(Above: G.P. Paltz, “The Prodigal Son,” early 20th century.)
For this child did I pray, and the Lord hath granted me my petition, which I asked of him. (1 Samuel 1:27)
When I was a boy, I only wanted toys for Christmas. My yearly letter to Santa Claus listed whatever trendy space ships, laser-guns, or actions figures that were being marketed to children in order to promote Stars Wars, Battlestar Galactica, or the Six Million Dollar Man. If, for some reason, I unwrapped a present under the tree and discovered a sweater, a jacket, or a blanket – I ungratefully stuffed it back into the box and threw it in the corner. Like the rest of my gifts, my parents had sacrificed in order to give them to me. I didn’t know that. Usually by the time my birthday rolled around in April, I was bored with the toys I received at Christmas and I wanted some new action figure playset that looked incredibly realistic on the TV commercial but rather cheap and flimsy in real-life. Yet, for a while, I could make-believe that I had been transported to some far away galaxy. However, I always dropped back to earth.
The sweater that I received, although I loathed it, kept me warm through the winter. I took it for granted. I forgot where it came from; it was just there, I thought.
I was a somewhat lonely and sad kid. I had few male friends and lacked the bold confidence that resulted in many young boys falling out of a tree or off a skateboard. I usually chose to stay safe on the sidelines and draw little pictures – I enveloped myself in the realm of fantasy. But I was perpetually cold and lonely. When I was old enough to venture out into the world alone, I went in search of my dreams. Returning home, with a brand-new toy, I wanted everyone around me to share in my happiness. A year later, I showed up with someone else. I expected that my request for approval should be met with almost immediate fulfillment. Instead, my parents gave me a sweater. Like a petulant spoiled brat, I threw it away. I loathed that sweater when I was a boy; now, I loathed the truth.
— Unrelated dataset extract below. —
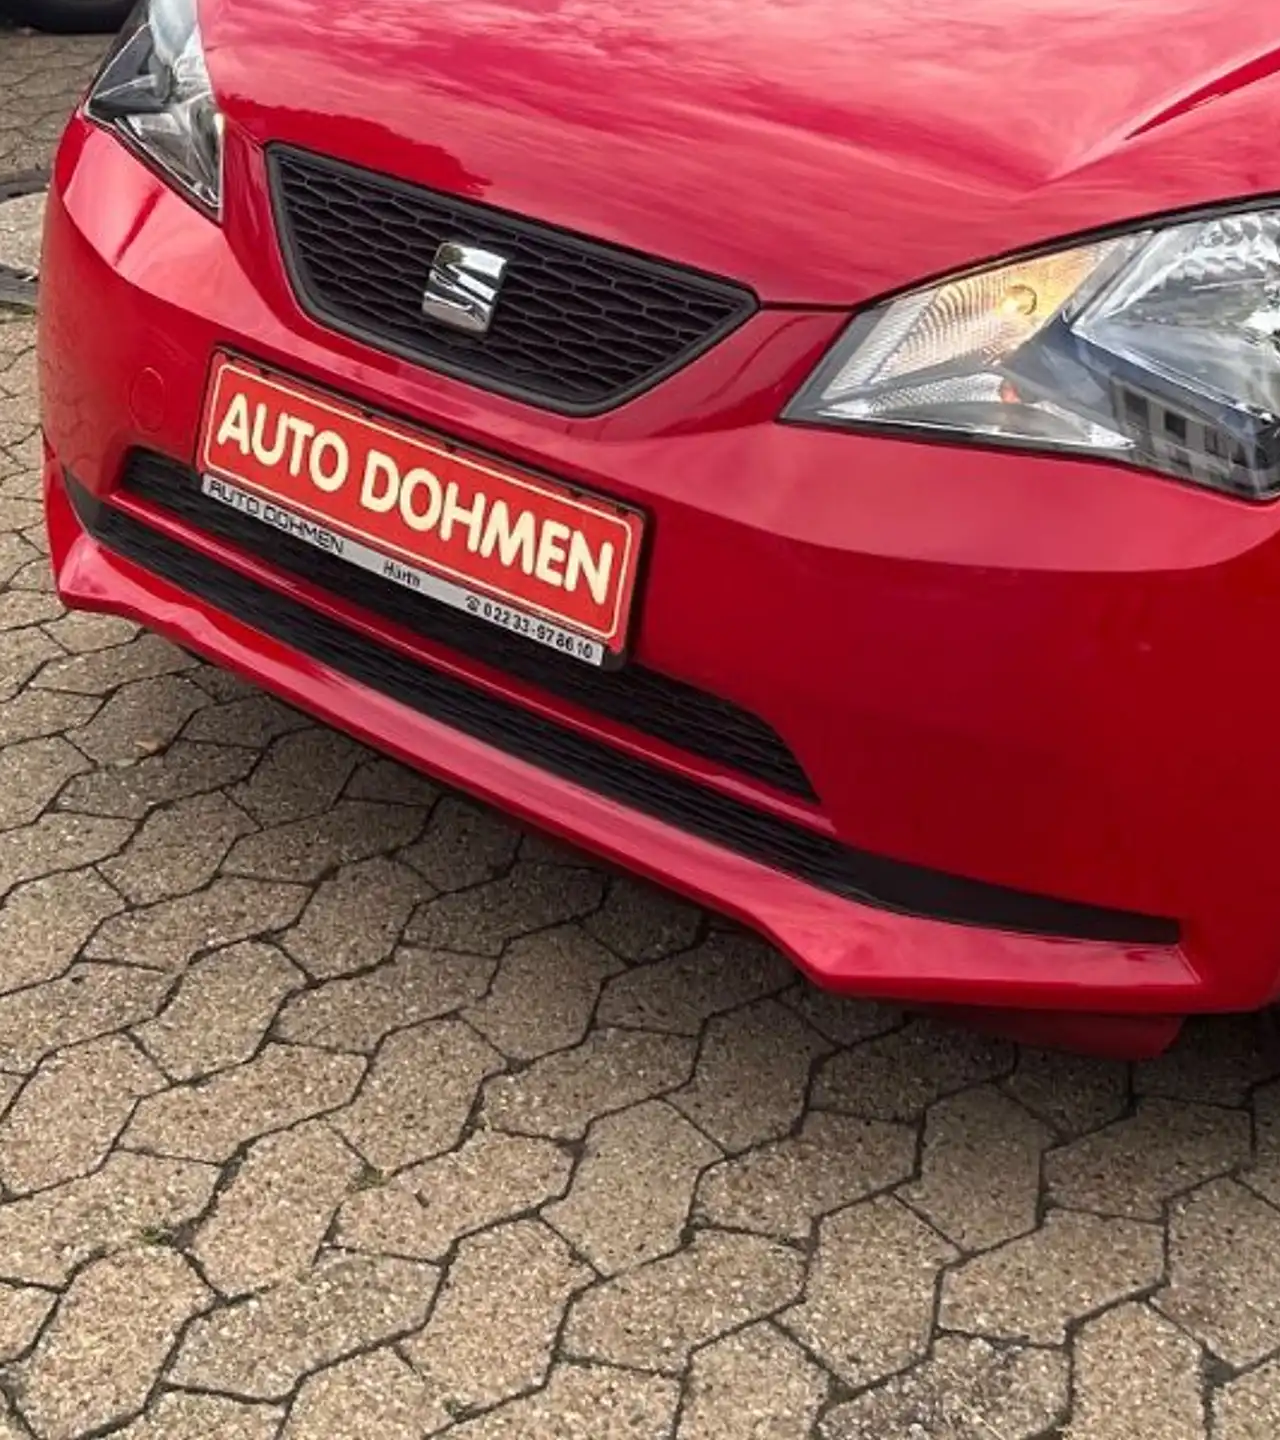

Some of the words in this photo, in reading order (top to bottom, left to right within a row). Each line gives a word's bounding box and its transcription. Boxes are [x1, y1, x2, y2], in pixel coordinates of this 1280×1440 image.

I didn’t go home. Why should I? I didn’t get what I wanted. Year after year, a present was placed under the tree with my name on it. I didn’t unwrap a single one. I wanted a plastic toy. I wanted a sign and words of approval from those around me. I wanted everyone to confirm my boyish need to live in a fantasy world. I am Luke Skywalker; I am the Bionic Man; I am gay. Being gay was like the playset I wanted so desperately for Christmas – it was fun for a while, but then I realized something – none of this is real. Finally, I chose to wrap myself in the protective warmth of truth. That which I rejected, when I was suddenly hungry, stripped naked, and left to die, looked incredibly welcoming. I crawled over to that forgotten corner of the room – piled high with rubbish – and dug through the pieces of torn and crinkled wrapping paper, looking desperately for the sweater I tossed away. In my undeniable wretchedness, it was all I had.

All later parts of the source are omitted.